═══ Data for analysis ═══
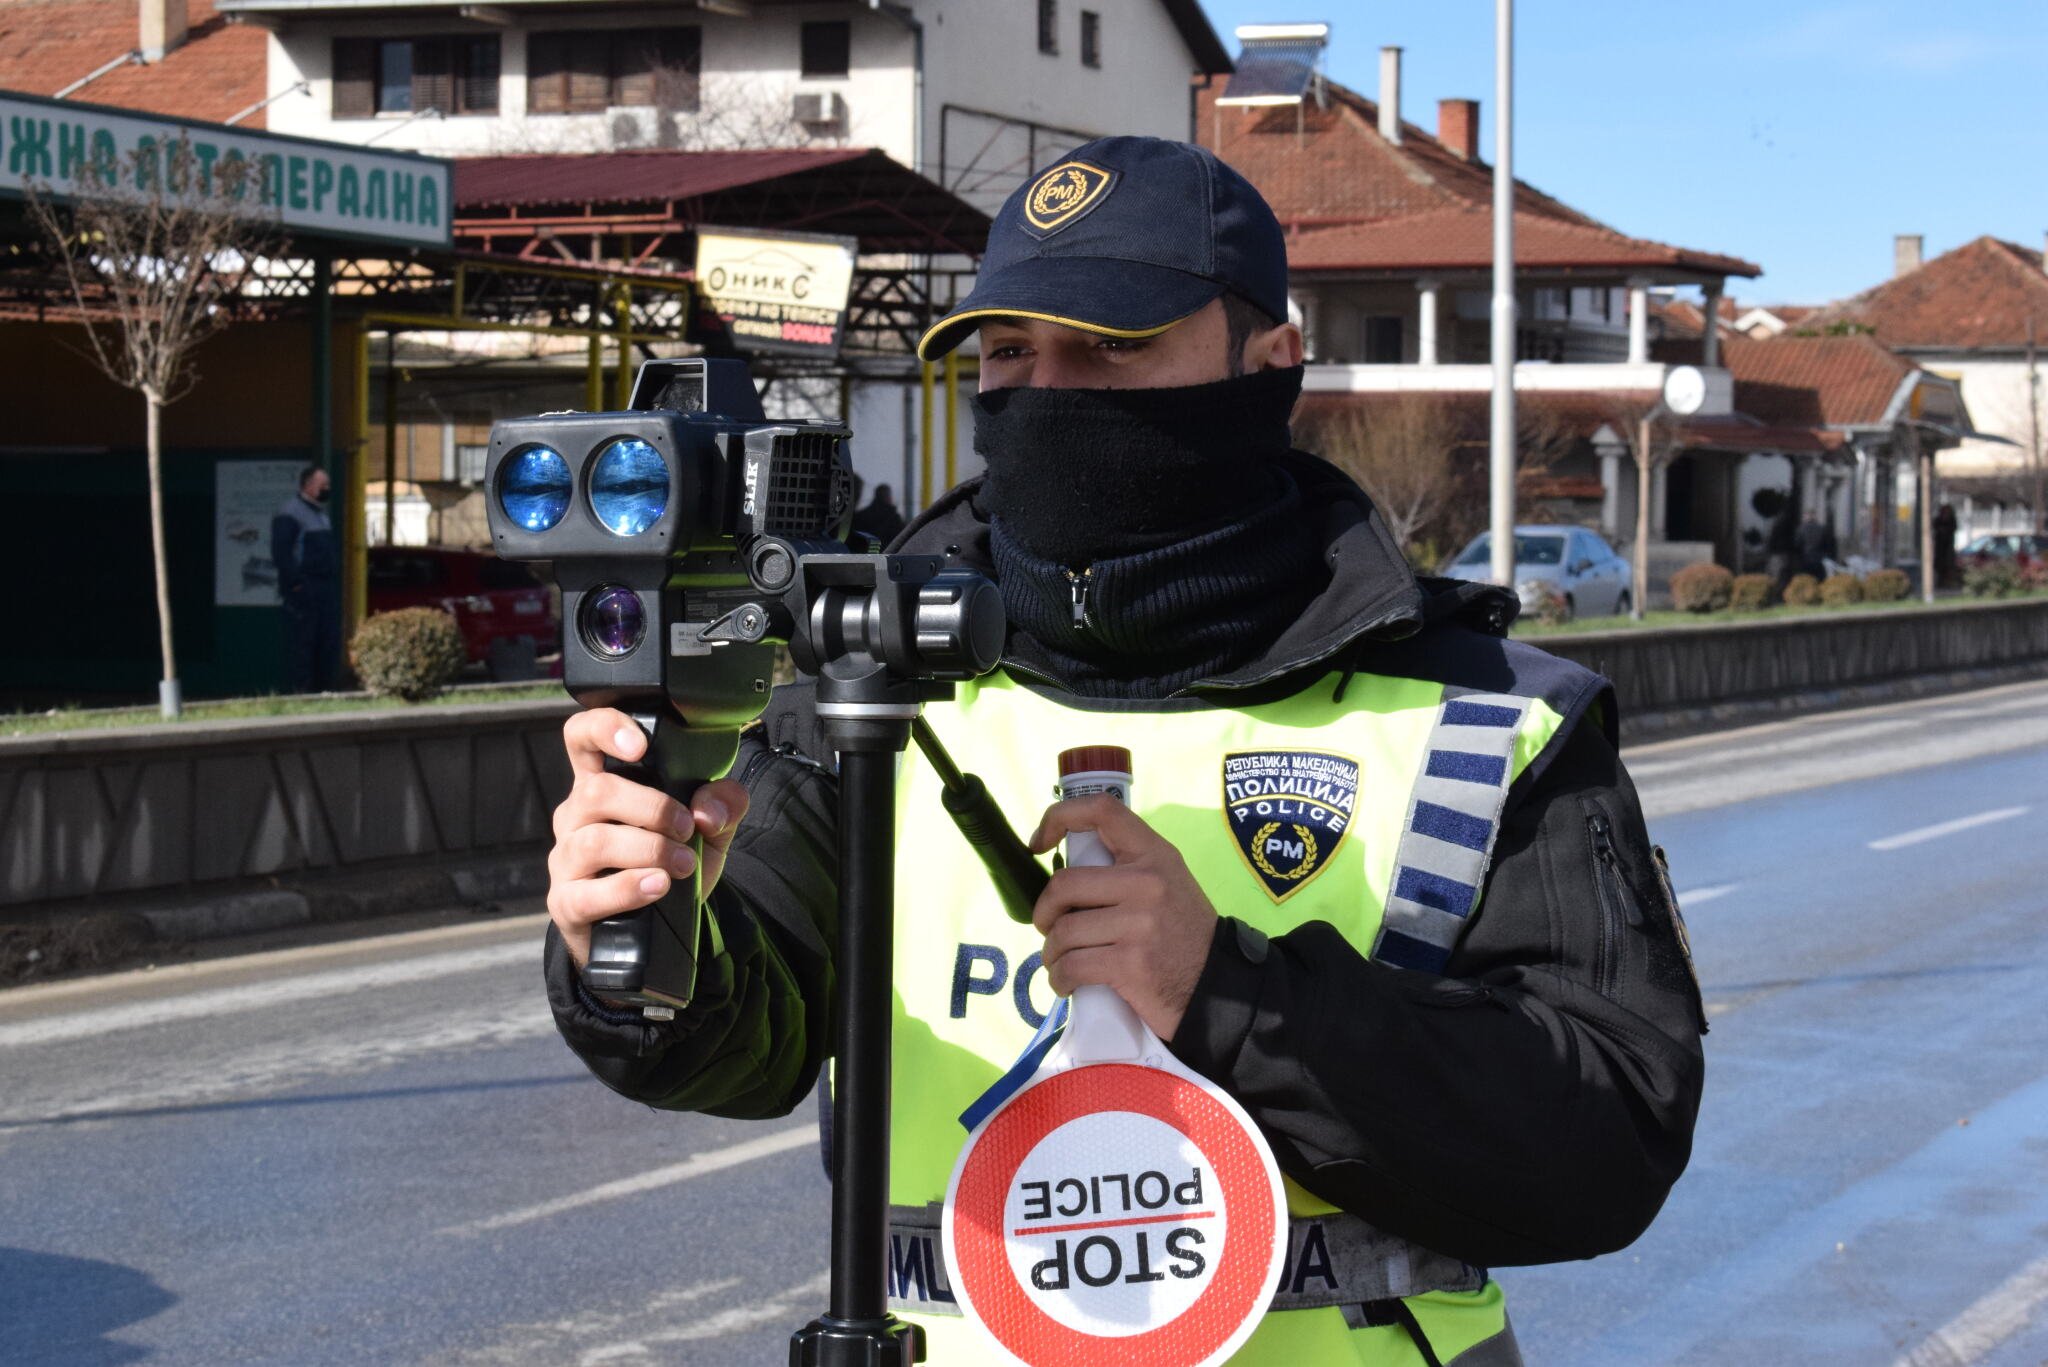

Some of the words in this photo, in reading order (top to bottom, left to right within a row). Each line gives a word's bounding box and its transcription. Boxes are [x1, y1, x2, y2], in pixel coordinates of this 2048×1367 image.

[0, 115, 117, 186] ЖНА
[743, 459, 759, 515] SLIK
[1226, 756, 1288, 773] РЕПУБЛИКА
[1292, 756, 1358, 783] МАКЕДОНИЈА
[1226, 777, 1355, 813] ПОЛИЦИЈА
[1235, 800, 1345, 833] POLICE
[1021, 1167, 1204, 1220] POLICE
[1031, 1227, 1206, 1291] STOP
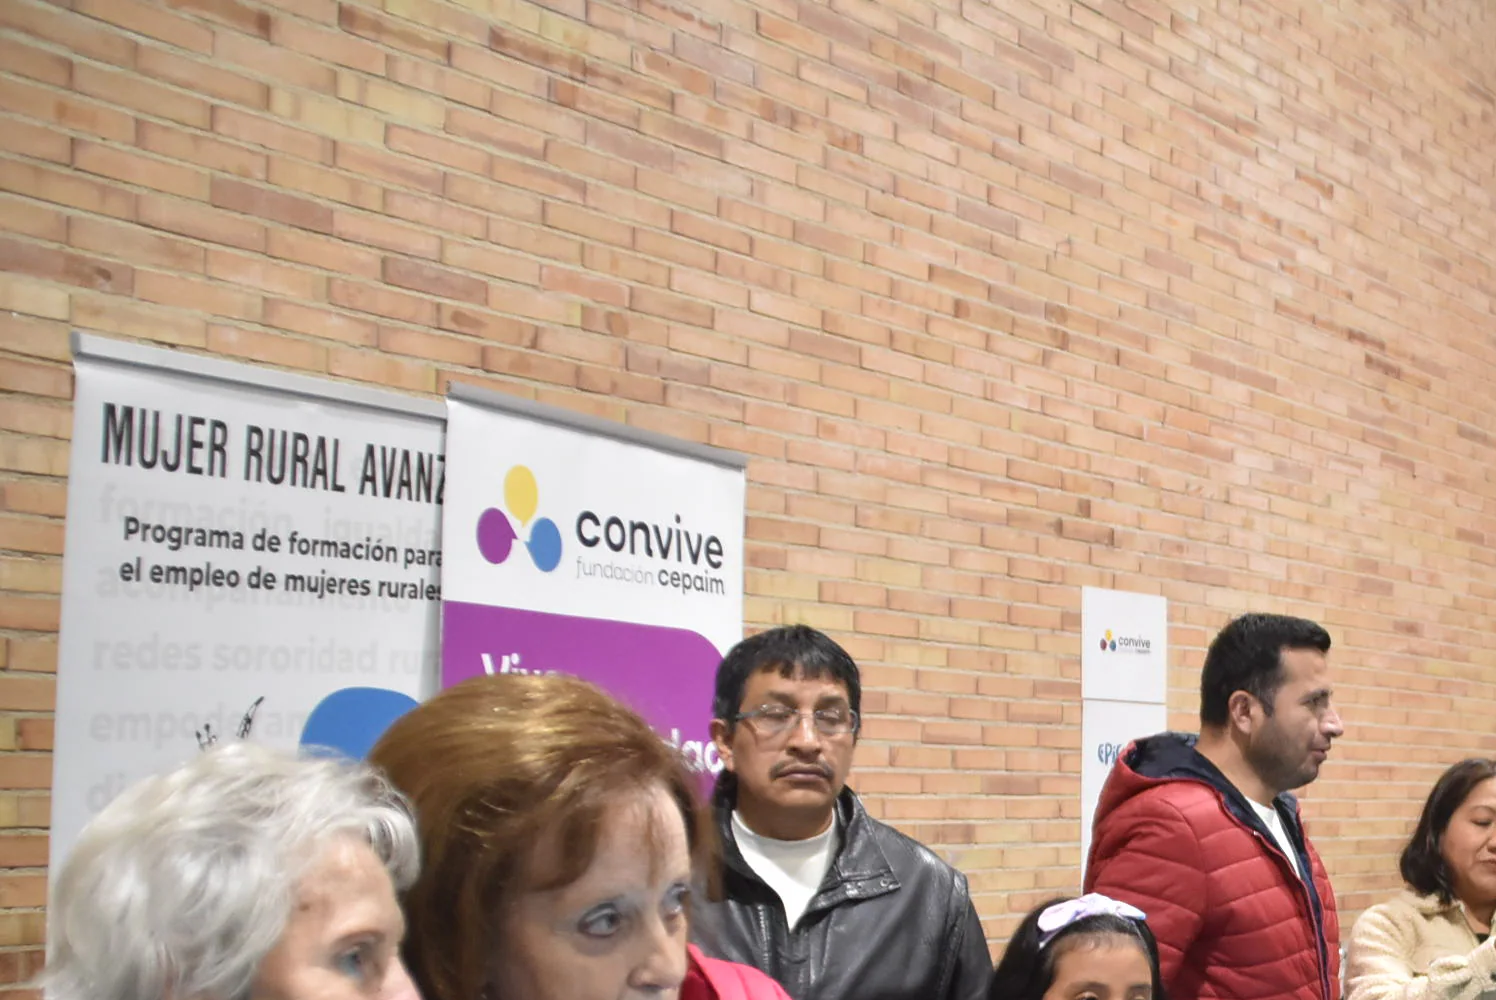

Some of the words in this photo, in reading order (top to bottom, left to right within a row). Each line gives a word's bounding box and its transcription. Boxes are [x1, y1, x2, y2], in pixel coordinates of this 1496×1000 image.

[101, 401, 228, 479] MUJER
[243, 423, 346, 494] RURAL
[123, 515, 245, 551] Programa
[252, 528, 281, 554] de
[288, 531, 398, 564] formación
[575, 510, 724, 570] convive
[119, 556, 141, 582] el
[149, 562, 240, 592] empleo
[247, 566, 277, 591] de
[284, 569, 371, 600] mujeres
[576, 556, 654, 586] fundación
[657, 568, 725, 595] cepaim
[92, 631, 203, 672] redes
[210, 635, 378, 674] sororidad
[1118, 633, 1151, 649] convive
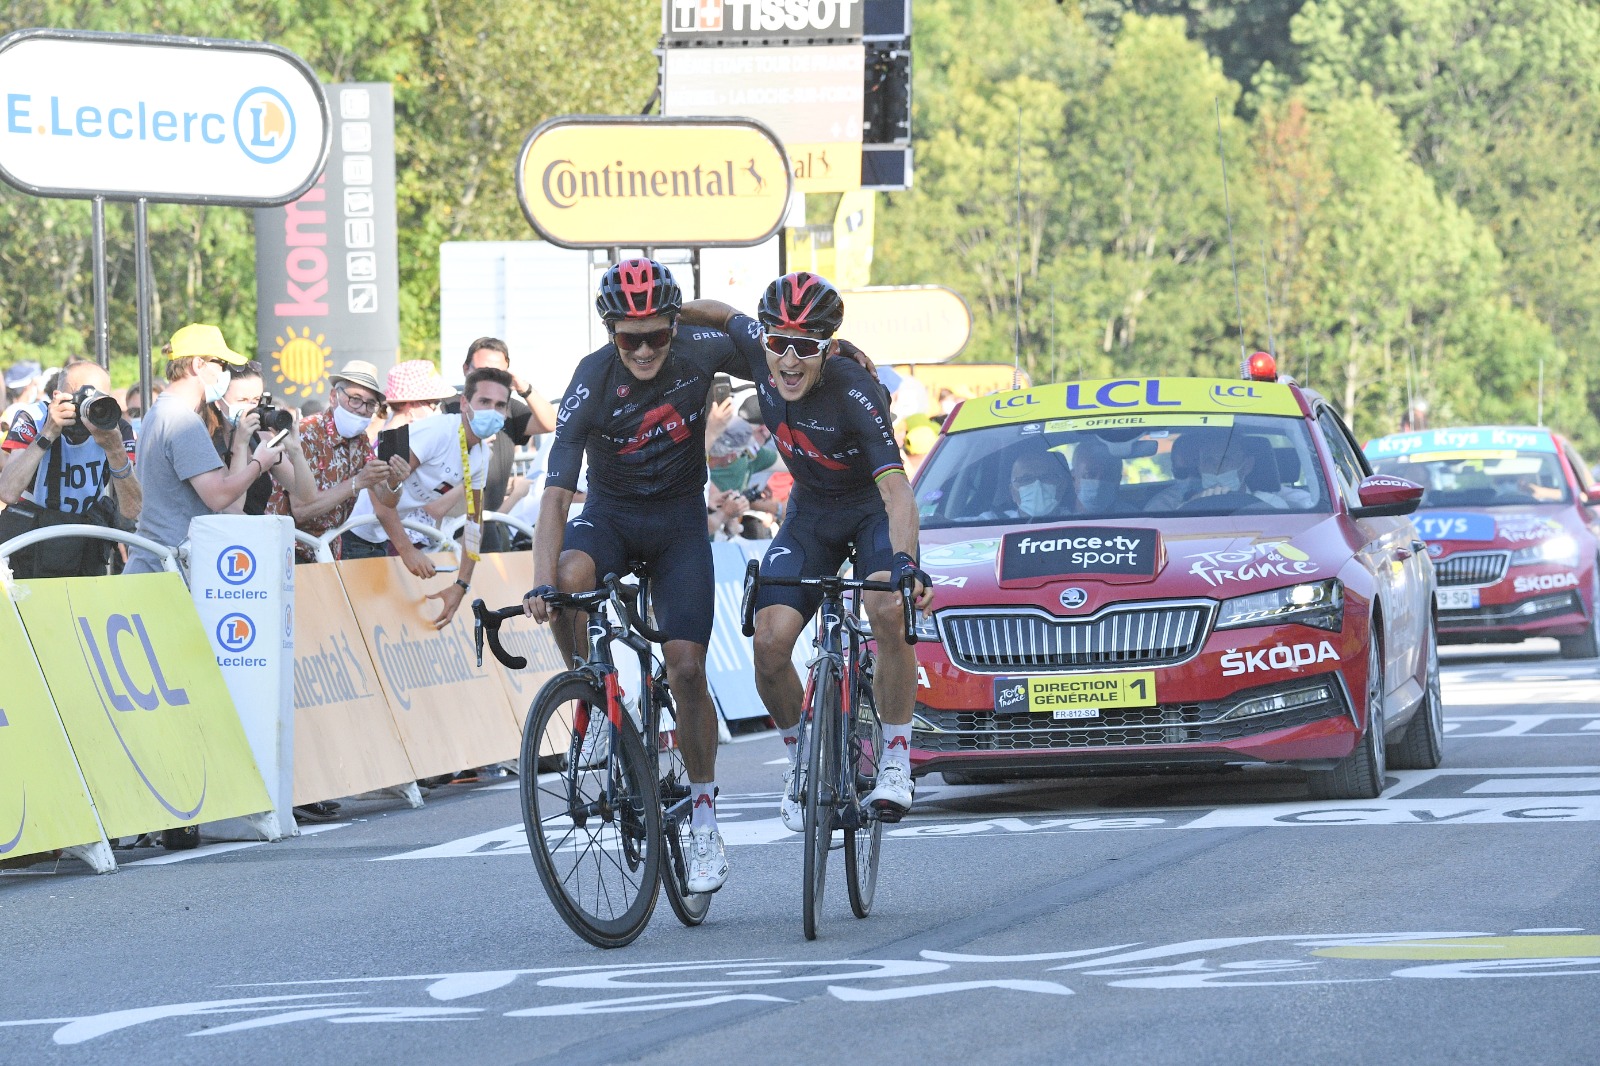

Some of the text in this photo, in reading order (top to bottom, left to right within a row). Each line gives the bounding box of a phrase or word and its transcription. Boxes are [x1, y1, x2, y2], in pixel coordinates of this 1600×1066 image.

[725, 0, 859, 31] TISSOT
[6, 93, 226, 145] E.Leclerc
[542, 158, 735, 209] Continental
[274, 172, 329, 317] kom
[692, 331, 730, 341] GREN
[1065, 379, 1182, 410] LCL
[1214, 384, 1263, 399] LCL
[555, 382, 591, 439] INEOS
[994, 394, 1041, 410] LCL
[848, 388, 894, 447] GRENADIER
[1085, 416, 1146, 427] OFFICIEL
[1378, 435, 1423, 453] Krys
[1433, 430, 1480, 448] Krys
[1491, 429, 1538, 448] Krys
[1070, 550, 1138, 568] sport
[205, 588, 268, 600] E.Leclerc
[1437, 591, 1469, 604] 9-SQ
[78, 612, 191, 712] LCL
[216, 655, 267, 667] Leclerc
[373, 620, 475, 711] Continental
[1219, 640, 1341, 677] ŠKODA
[294, 634, 359, 709] nental
[1033, 678, 1147, 700] DIRECTION 1
[1034, 691, 1118, 705] GÉNÉRALE
[1055, 709, 1096, 719] FR-812-SQ
═══
Set the pictures aside and reproduce the data above exactly.

Some of the words in this photo, in reading order (top to bottom, left to right within a row). Each line gives a word's bounding box and its transcription. Boxes are [x1, y1, x2, y2], in pixel coordinates of this 2048×1367 image.

[0, 115, 117, 186] ЖНА
[743, 459, 759, 515] SLIK
[1226, 756, 1288, 773] РЕПУБЛИКА
[1292, 756, 1358, 783] МАКЕДОНИЈА
[1226, 777, 1355, 813] ПОЛИЦИЈА
[1235, 800, 1345, 833] POLICE
[1021, 1167, 1204, 1220] POLICE
[1031, 1227, 1206, 1291] STOP

Some of the words in this photo, in reading order (top to bottom, left to right within a row). Each line gives a word's bounding box and its transcription. Boxes are [x1, y1, x2, y2], in pixel coordinates of this 1496×1000 image.

[101, 401, 228, 479] MUJER
[243, 423, 346, 494] RURAL
[123, 515, 245, 551] Programa
[252, 528, 281, 554] de
[288, 531, 398, 564] formación
[575, 510, 724, 570] convive
[119, 556, 141, 582] el
[149, 562, 240, 592] empleo
[247, 566, 277, 591] de
[284, 569, 371, 600] mujeres
[576, 556, 654, 586] fundación
[657, 568, 725, 595] cepaim
[92, 631, 203, 672] redes
[210, 635, 378, 674] sororidad
[1118, 633, 1151, 649] convive

Some of the text in this photo, in reading order (top to bottom, left to right within a row). Each line gives the bounding box of a phrase or word and its transcription. Boxes are [x1, y1, x2, y2], in pixel coordinates of this 1600×1066 image.

[725, 0, 859, 31] TISSOT
[6, 93, 226, 145] E.Leclerc
[542, 158, 735, 209] Continental
[274, 172, 329, 317] kom
[692, 331, 730, 341] GREN
[1065, 379, 1182, 410] LCL
[1214, 384, 1263, 399] LCL
[555, 382, 591, 439] INEOS
[994, 394, 1041, 410] LCL
[848, 388, 894, 447] GRENADIER
[1085, 416, 1146, 427] OFFICIEL
[1378, 435, 1423, 453] Krys
[1433, 430, 1480, 448] Krys
[1491, 429, 1538, 448] Krys
[1070, 550, 1138, 568] sport
[205, 588, 268, 600] E.Leclerc
[1437, 591, 1469, 604] 9-SQ
[78, 612, 191, 712] LCL
[216, 655, 267, 667] Leclerc
[373, 620, 475, 711] Continental
[1219, 640, 1341, 677] ŠKODA
[294, 634, 359, 709] nental
[1033, 678, 1147, 700] DIRECTION 1
[1034, 691, 1118, 705] GÉNÉRALE
[1055, 709, 1096, 719] FR-812-SQ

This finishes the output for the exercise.